[Saved data entries]

——

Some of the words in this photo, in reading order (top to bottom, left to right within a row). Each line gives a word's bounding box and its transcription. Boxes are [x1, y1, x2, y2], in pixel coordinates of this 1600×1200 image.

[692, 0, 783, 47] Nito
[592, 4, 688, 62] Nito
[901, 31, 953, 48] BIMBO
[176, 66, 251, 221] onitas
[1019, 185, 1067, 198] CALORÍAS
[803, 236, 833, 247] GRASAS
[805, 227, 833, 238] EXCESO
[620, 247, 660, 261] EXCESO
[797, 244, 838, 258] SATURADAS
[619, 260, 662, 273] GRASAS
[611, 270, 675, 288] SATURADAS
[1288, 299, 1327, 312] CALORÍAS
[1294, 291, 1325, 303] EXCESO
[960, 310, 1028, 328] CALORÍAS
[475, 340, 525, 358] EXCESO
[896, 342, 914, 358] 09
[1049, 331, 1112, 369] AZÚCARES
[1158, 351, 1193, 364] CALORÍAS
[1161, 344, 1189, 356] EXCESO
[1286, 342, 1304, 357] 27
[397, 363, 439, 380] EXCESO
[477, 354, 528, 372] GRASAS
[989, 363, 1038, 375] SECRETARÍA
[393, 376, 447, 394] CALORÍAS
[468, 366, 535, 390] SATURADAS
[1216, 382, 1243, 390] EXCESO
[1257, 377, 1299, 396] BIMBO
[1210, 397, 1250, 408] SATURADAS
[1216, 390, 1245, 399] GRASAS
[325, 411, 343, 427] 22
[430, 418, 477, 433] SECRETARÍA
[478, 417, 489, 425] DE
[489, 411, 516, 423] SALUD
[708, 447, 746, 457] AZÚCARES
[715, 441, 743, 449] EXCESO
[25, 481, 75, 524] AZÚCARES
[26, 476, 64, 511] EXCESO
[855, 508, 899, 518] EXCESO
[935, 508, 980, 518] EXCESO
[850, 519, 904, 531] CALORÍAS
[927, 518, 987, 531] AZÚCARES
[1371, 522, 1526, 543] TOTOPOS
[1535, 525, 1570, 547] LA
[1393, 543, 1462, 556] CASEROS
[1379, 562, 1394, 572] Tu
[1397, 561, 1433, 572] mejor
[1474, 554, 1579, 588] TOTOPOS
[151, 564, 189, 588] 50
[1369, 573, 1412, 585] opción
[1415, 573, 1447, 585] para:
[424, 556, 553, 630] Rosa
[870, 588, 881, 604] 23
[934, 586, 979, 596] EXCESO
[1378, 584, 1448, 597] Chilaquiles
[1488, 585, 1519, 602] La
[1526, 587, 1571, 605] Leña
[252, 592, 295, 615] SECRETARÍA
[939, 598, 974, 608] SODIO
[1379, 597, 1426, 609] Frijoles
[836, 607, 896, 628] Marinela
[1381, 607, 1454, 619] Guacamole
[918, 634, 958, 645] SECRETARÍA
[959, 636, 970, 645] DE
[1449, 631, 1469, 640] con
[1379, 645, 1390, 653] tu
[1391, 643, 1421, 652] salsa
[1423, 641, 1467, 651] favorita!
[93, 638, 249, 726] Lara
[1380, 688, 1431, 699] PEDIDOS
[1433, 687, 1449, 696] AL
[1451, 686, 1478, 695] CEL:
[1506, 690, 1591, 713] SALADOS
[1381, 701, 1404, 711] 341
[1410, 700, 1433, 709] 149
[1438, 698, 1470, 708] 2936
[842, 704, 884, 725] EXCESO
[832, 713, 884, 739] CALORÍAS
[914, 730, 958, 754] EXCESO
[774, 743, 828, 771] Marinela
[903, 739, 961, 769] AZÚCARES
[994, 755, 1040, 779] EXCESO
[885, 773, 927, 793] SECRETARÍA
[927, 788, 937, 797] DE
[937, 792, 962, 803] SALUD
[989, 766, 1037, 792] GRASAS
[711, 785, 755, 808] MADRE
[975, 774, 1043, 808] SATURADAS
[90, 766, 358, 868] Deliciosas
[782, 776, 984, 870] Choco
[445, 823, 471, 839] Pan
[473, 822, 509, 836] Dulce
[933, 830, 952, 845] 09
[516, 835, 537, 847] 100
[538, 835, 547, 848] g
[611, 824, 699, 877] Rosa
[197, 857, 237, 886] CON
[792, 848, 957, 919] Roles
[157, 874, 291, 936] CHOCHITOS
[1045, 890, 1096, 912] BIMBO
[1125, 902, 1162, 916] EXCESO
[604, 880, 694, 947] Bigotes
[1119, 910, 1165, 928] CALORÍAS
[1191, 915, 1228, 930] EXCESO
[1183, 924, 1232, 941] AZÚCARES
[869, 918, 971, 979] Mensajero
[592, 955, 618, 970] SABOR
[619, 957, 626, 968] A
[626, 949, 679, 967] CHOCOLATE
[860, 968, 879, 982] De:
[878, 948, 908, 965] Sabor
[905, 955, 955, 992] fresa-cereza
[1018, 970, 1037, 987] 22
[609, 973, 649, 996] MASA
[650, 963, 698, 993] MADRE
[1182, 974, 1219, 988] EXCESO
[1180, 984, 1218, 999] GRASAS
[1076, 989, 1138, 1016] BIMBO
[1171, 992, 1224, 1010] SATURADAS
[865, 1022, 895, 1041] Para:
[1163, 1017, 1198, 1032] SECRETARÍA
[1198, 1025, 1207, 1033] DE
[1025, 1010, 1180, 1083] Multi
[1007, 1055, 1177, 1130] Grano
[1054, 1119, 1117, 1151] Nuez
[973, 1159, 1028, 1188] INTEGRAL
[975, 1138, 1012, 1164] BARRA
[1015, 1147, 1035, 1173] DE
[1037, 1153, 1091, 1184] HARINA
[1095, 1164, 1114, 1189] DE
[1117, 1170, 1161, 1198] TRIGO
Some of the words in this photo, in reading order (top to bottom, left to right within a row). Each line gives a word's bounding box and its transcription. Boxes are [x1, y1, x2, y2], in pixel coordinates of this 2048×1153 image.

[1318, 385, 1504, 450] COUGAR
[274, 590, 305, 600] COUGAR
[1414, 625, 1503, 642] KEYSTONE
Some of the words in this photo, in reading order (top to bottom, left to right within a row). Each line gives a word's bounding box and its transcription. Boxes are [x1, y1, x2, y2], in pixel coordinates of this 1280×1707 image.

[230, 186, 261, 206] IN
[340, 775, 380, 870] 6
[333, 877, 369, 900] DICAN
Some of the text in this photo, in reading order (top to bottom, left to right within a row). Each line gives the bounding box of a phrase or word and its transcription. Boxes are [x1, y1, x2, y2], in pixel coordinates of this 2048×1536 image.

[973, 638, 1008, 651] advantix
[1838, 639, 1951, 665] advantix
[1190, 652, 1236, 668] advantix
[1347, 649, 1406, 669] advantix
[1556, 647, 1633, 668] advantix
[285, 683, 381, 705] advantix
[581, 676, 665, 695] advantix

——

Please repeat each entry. Keep every word the same.

**Result of the task:**
Some of the words in this photo, in reading order (top to bottom, left to right within a row). Each line gives a word's bounding box and its transcription. Boxes are [x1, y1, x2, y2], in pixel coordinates of this 1600×1200 image.

[692, 0, 783, 47] Nito
[592, 4, 688, 62] Nito
[901, 31, 953, 48] BIMBO
[176, 66, 251, 221] onitas
[1019, 185, 1067, 198] CALORÍAS
[803, 236, 833, 247] GRASAS
[805, 227, 833, 238] EXCESO
[620, 247, 660, 261] EXCESO
[797, 244, 838, 258] SATURADAS
[619, 260, 662, 273] GRASAS
[611, 270, 675, 288] SATURADAS
[1288, 299, 1327, 312] CALORÍAS
[1294, 291, 1325, 303] EXCESO
[960, 310, 1028, 328] CALORÍAS
[475, 340, 525, 358] EXCESO
[896, 342, 914, 358] 09
[1049, 331, 1112, 369] AZÚCARES
[1158, 351, 1193, 364] CALORÍAS
[1161, 344, 1189, 356] EXCESO
[1286, 342, 1304, 357] 27
[397, 363, 439, 380] EXCESO
[477, 354, 528, 372] GRASAS
[989, 363, 1038, 375] SECRETARÍA
[393, 376, 447, 394] CALORÍAS
[468, 366, 535, 390] SATURADAS
[1216, 382, 1243, 390] EXCESO
[1257, 377, 1299, 396] BIMBO
[1210, 397, 1250, 408] SATURADAS
[1216, 390, 1245, 399] GRASAS
[325, 411, 343, 427] 22
[430, 418, 477, 433] SECRETARÍA
[478, 417, 489, 425] DE
[489, 411, 516, 423] SALUD
[708, 447, 746, 457] AZÚCARES
[715, 441, 743, 449] EXCESO
[25, 481, 75, 524] AZÚCARES
[26, 476, 64, 511] EXCESO
[855, 508, 899, 518] EXCESO
[935, 508, 980, 518] EXCESO
[850, 519, 904, 531] CALORÍAS
[927, 518, 987, 531] AZÚCARES
[1371, 522, 1526, 543] TOTOPOS
[1535, 525, 1570, 547] LA
[1393, 543, 1462, 556] CASEROS
[1379, 562, 1394, 572] Tu
[1397, 561, 1433, 572] mejor
[1474, 554, 1579, 588] TOTOPOS
[151, 564, 189, 588] 50
[1369, 573, 1412, 585] opción
[1415, 573, 1447, 585] para:
[424, 556, 553, 630] Rosa
[870, 588, 881, 604] 23
[934, 586, 979, 596] EXCESO
[1378, 584, 1448, 597] Chilaquiles
[1488, 585, 1519, 602] La
[1526, 587, 1571, 605] Leña
[252, 592, 295, 615] SECRETARÍA
[939, 598, 974, 608] SODIO
[1379, 597, 1426, 609] Frijoles
[836, 607, 896, 628] Marinela
[1381, 607, 1454, 619] Guacamole
[918, 634, 958, 645] SECRETARÍA
[959, 636, 970, 645] DE
[1449, 631, 1469, 640] con
[1379, 645, 1390, 653] tu
[1391, 643, 1421, 652] salsa
[1423, 641, 1467, 651] favorita!
[93, 638, 249, 726] Lara
[1380, 688, 1431, 699] PEDIDOS
[1433, 687, 1449, 696] AL
[1451, 686, 1478, 695] CEL:
[1506, 690, 1591, 713] SALADOS
[1381, 701, 1404, 711] 341
[1410, 700, 1433, 709] 149
[1438, 698, 1470, 708] 2936
[842, 704, 884, 725] EXCESO
[832, 713, 884, 739] CALORÍAS
[914, 730, 958, 754] EXCESO
[774, 743, 828, 771] Marinela
[903, 739, 961, 769] AZÚCARES
[994, 755, 1040, 779] EXCESO
[885, 773, 927, 793] SECRETARÍA
[927, 788, 937, 797] DE
[937, 792, 962, 803] SALUD
[989, 766, 1037, 792] GRASAS
[711, 785, 755, 808] MADRE
[975, 774, 1043, 808] SATURADAS
[90, 766, 358, 868] Deliciosas
[782, 776, 984, 870] Choco
[445, 823, 471, 839] Pan
[473, 822, 509, 836] Dulce
[933, 830, 952, 845] 09
[516, 835, 537, 847] 100
[538, 835, 547, 848] g
[611, 824, 699, 877] Rosa
[197, 857, 237, 886] CON
[792, 848, 957, 919] Roles
[157, 874, 291, 936] CHOCHITOS
[1045, 890, 1096, 912] BIMBO
[1125, 902, 1162, 916] EXCESO
[604, 880, 694, 947] Bigotes
[1119, 910, 1165, 928] CALORÍAS
[1191, 915, 1228, 930] EXCESO
[1183, 924, 1232, 941] AZÚCARES
[869, 918, 971, 979] Mensajero
[592, 955, 618, 970] SABOR
[619, 957, 626, 968] A
[626, 949, 679, 967] CHOCOLATE
[860, 968, 879, 982] De:
[878, 948, 908, 965] Sabor
[905, 955, 955, 992] fresa-cereza
[1018, 970, 1037, 987] 22
[609, 973, 649, 996] MASA
[650, 963, 698, 993] MADRE
[1182, 974, 1219, 988] EXCESO
[1180, 984, 1218, 999] GRASAS
[1076, 989, 1138, 1016] BIMBO
[1171, 992, 1224, 1010] SATURADAS
[865, 1022, 895, 1041] Para:
[1163, 1017, 1198, 1032] SECRETARÍA
[1198, 1025, 1207, 1033] DE
[1025, 1010, 1180, 1083] Multi
[1007, 1055, 1177, 1130] Grano
[1054, 1119, 1117, 1151] Nuez
[973, 1159, 1028, 1188] INTEGRAL
[975, 1138, 1012, 1164] BARRA
[1015, 1147, 1035, 1173] DE
[1037, 1153, 1091, 1184] HARINA
[1095, 1164, 1114, 1189] DE
[1117, 1170, 1161, 1198] TRIGO
Some of the words in this photo, in reading order (top to bottom, left to right within a row). Each line gives a word's bounding box and its transcription. Boxes are [x1, y1, x2, y2], in pixel coordinates of this 2048×1153 image.

[1318, 385, 1504, 450] COUGAR
[274, 590, 305, 600] COUGAR
[1414, 625, 1503, 642] KEYSTONE
Some of the words in this photo, in reading order (top to bottom, left to right within a row). Each line gives a word's bounding box and its transcription. Boxes are [x1, y1, x2, y2], in pixel coordinates of this 1280×1707 image.

[230, 186, 261, 206] IN
[340, 775, 380, 870] 6
[333, 877, 369, 900] DICAN
Some of the text in this photo, in reading order (top to bottom, left to right within a row). Each line gives the bounding box of a phrase or word and its transcription. Boxes are [x1, y1, x2, y2], in pixel coordinates of this 2048×1536 image.

[973, 638, 1008, 651] advantix
[1838, 639, 1951, 665] advantix
[1190, 652, 1236, 668] advantix
[1347, 649, 1406, 669] advantix
[1556, 647, 1633, 668] advantix
[285, 683, 381, 705] advantix
[581, 676, 665, 695] advantix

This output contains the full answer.